[Data entries]
Start of Block
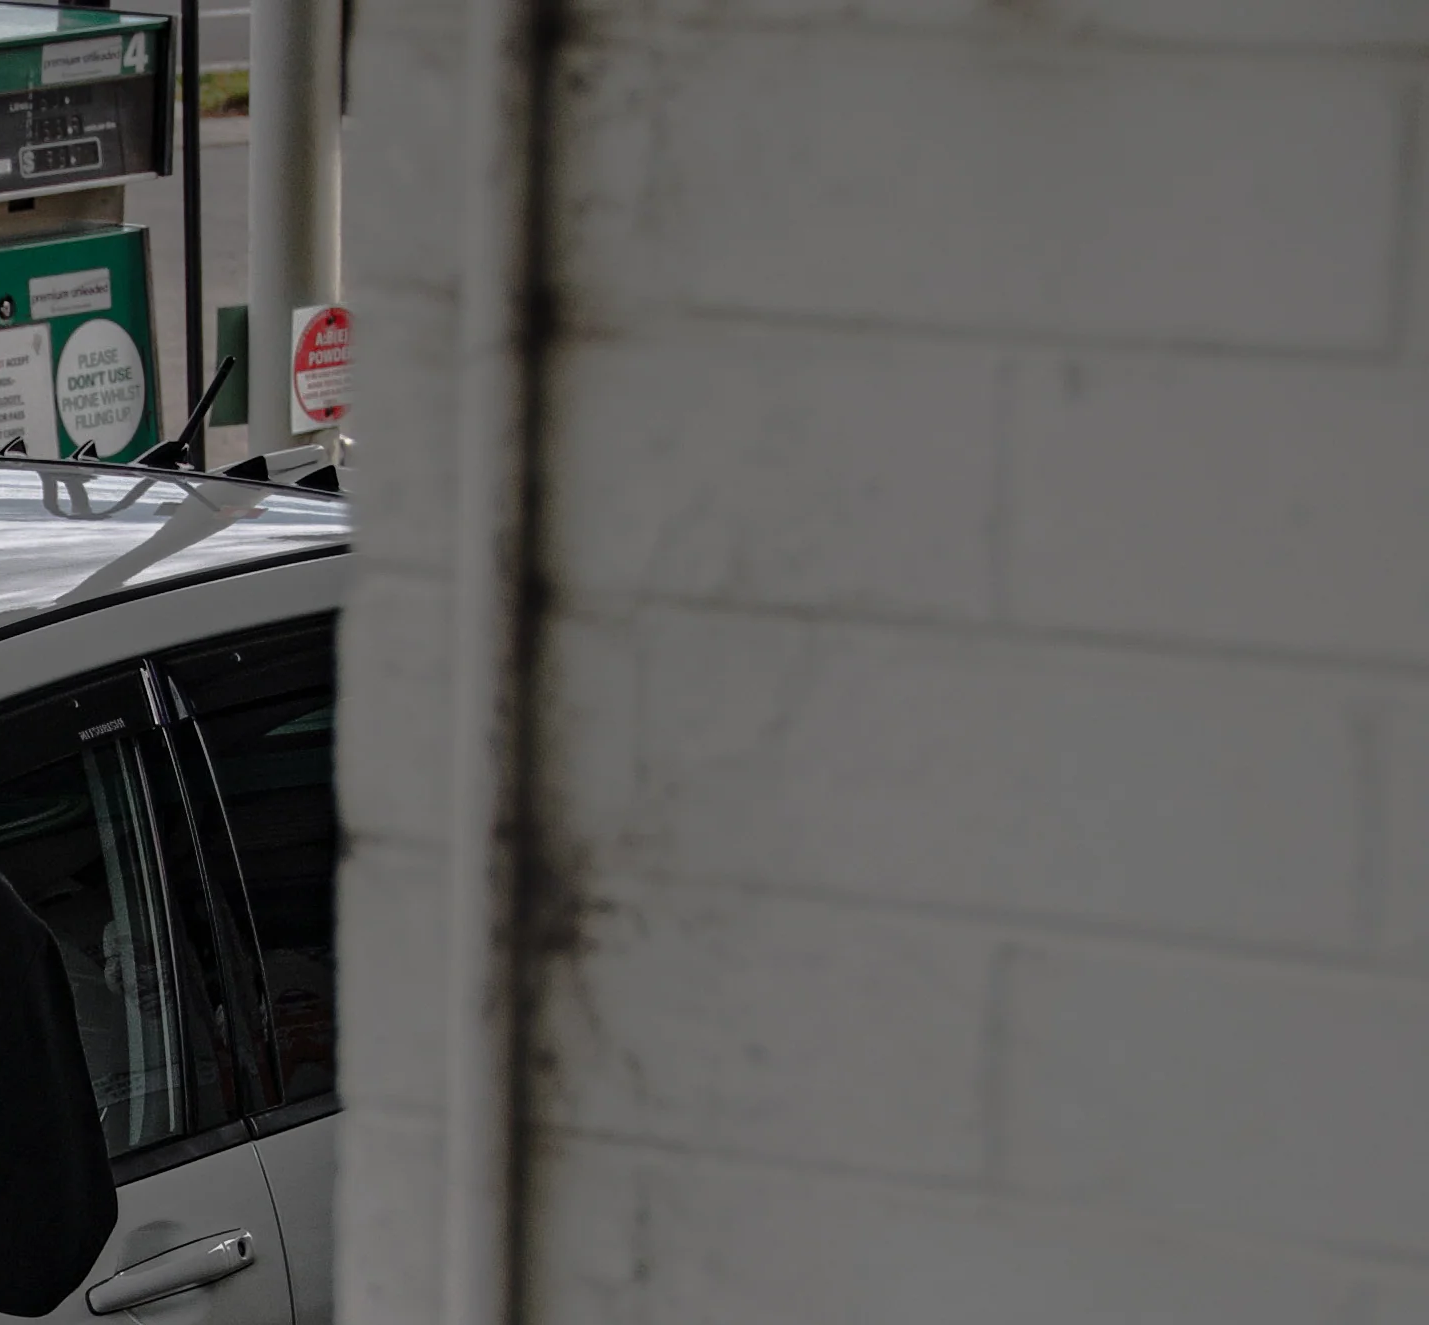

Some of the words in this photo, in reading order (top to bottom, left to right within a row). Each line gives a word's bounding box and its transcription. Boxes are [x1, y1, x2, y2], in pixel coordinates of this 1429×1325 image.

[123, 32, 149, 74] 4
[78, 348, 118, 369] PLEASE
[68, 371, 106, 391] DON'T
[108, 366, 133, 383] USE
[62, 392, 100, 412] PHONE
[101, 385, 141, 406] WHILST
[76, 409, 114, 430] FILLING
[78, 718, 126, 741] MITSUBISHI
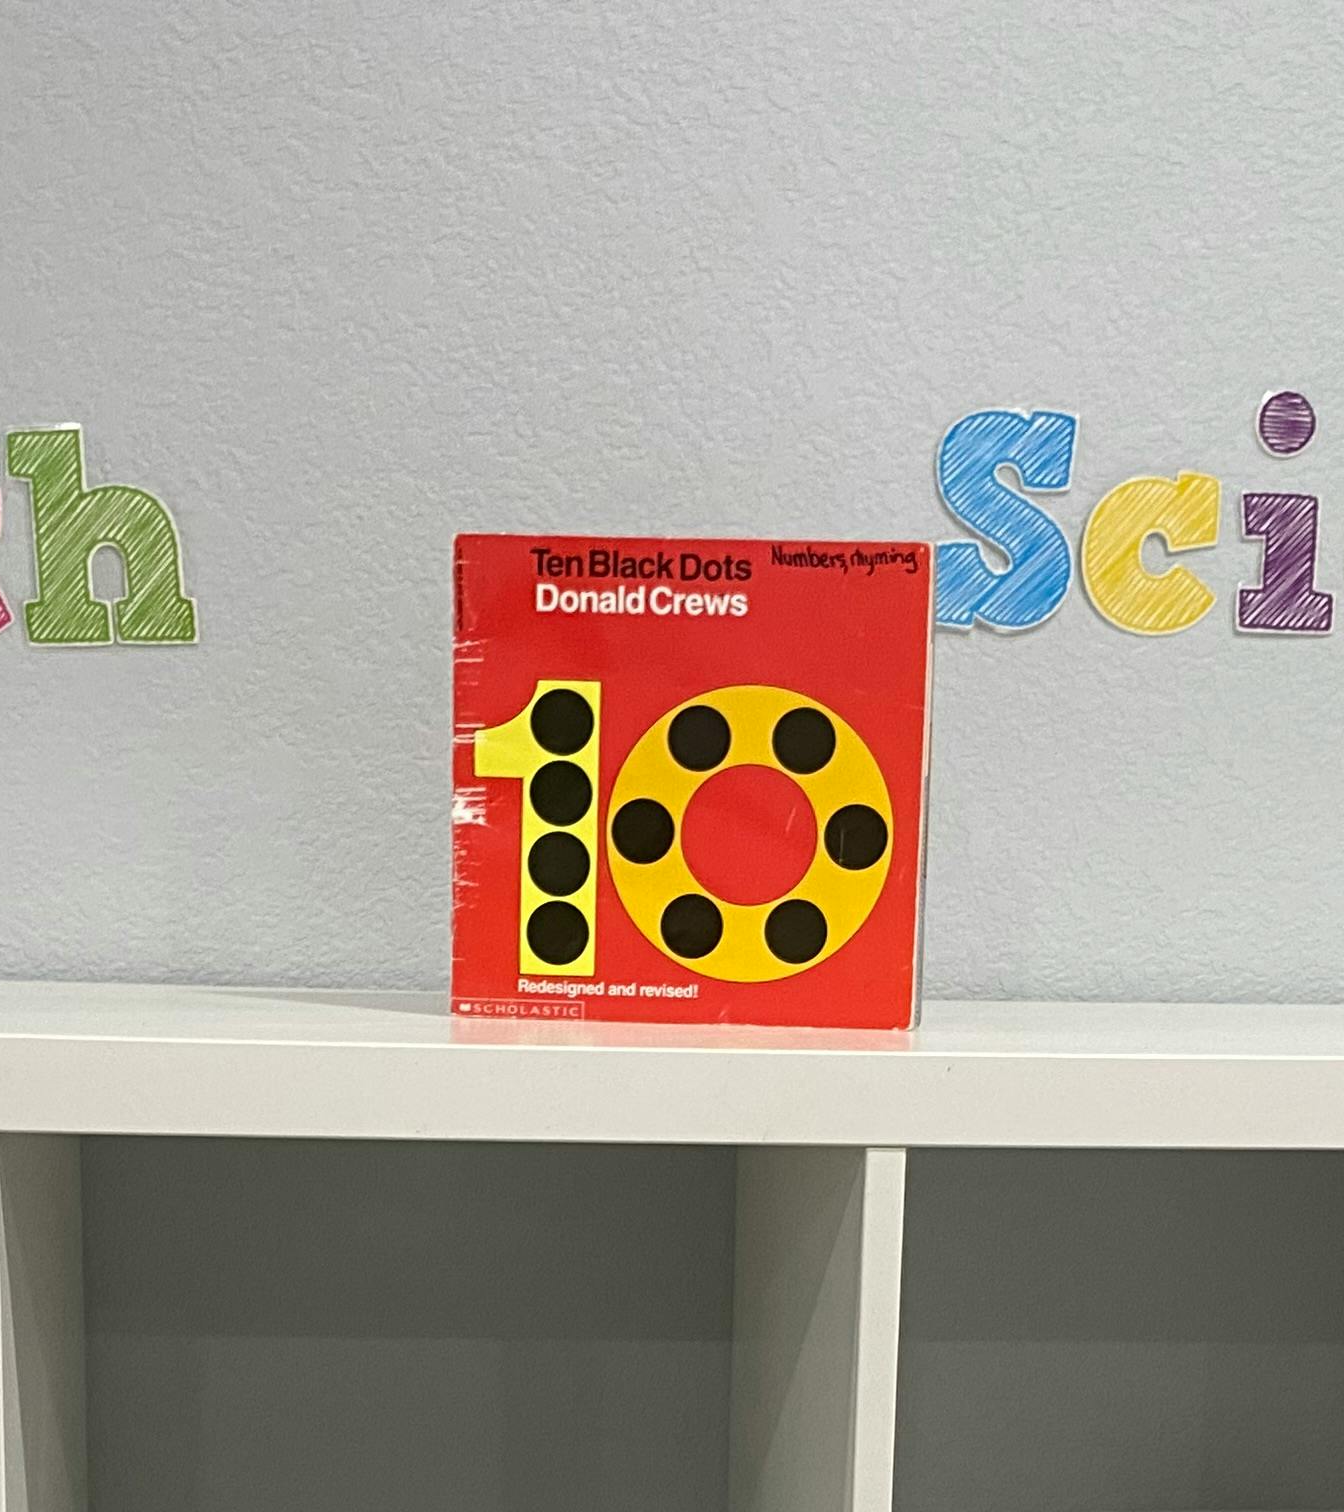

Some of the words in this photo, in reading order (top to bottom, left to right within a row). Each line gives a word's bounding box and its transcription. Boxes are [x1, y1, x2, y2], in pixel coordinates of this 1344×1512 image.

[534, 548, 584, 579] Ten
[589, 550, 675, 581] Black
[680, 553, 753, 582] Dots
[850, 547, 919, 576] rhyming
[535, 585, 647, 615] Donald
[650, 586, 749, 616] Crews
[474, 679, 894, 983] 10
[517, 978, 605, 998] Redesigned
[608, 982, 637, 997] and
[639, 983, 699, 998] revised!
[473, 1003, 579, 1018] SCHOLASTIC
End of Block
> **Work to be completed**
All of the data should be returned word for word, with each picture left out.

> **Task result**
Some of the words in this photo, in reading order (top to bottom, left to right within a row). Each line gives a word's bounding box and its transcription. Boxes are [x1, y1, x2, y2], in pixel coordinates of this 1429×1325 image.

[123, 32, 149, 74] 4
[78, 348, 118, 369] PLEASE
[68, 371, 106, 391] DON'T
[108, 366, 133, 383] USE
[62, 392, 100, 412] PHONE
[101, 385, 141, 406] WHILST
[76, 409, 114, 430] FILLING
[78, 718, 126, 741] MITSUBISHI

Some of the words in this photo, in reading order (top to bottom, left to right within a row). Each line gives a word's bounding box and its transcription. Boxes are [x1, y1, x2, y2], in pixel coordinates of this 1344×1512 image.

[534, 548, 584, 579] Ten
[589, 550, 675, 581] Black
[680, 553, 753, 582] Dots
[850, 547, 919, 576] rhyming
[535, 585, 647, 615] Donald
[650, 586, 749, 616] Crews
[474, 679, 894, 983] 10
[517, 978, 605, 998] Redesigned
[608, 982, 637, 997] and
[639, 983, 699, 998] revised!
[473, 1003, 579, 1018] SCHOLASTIC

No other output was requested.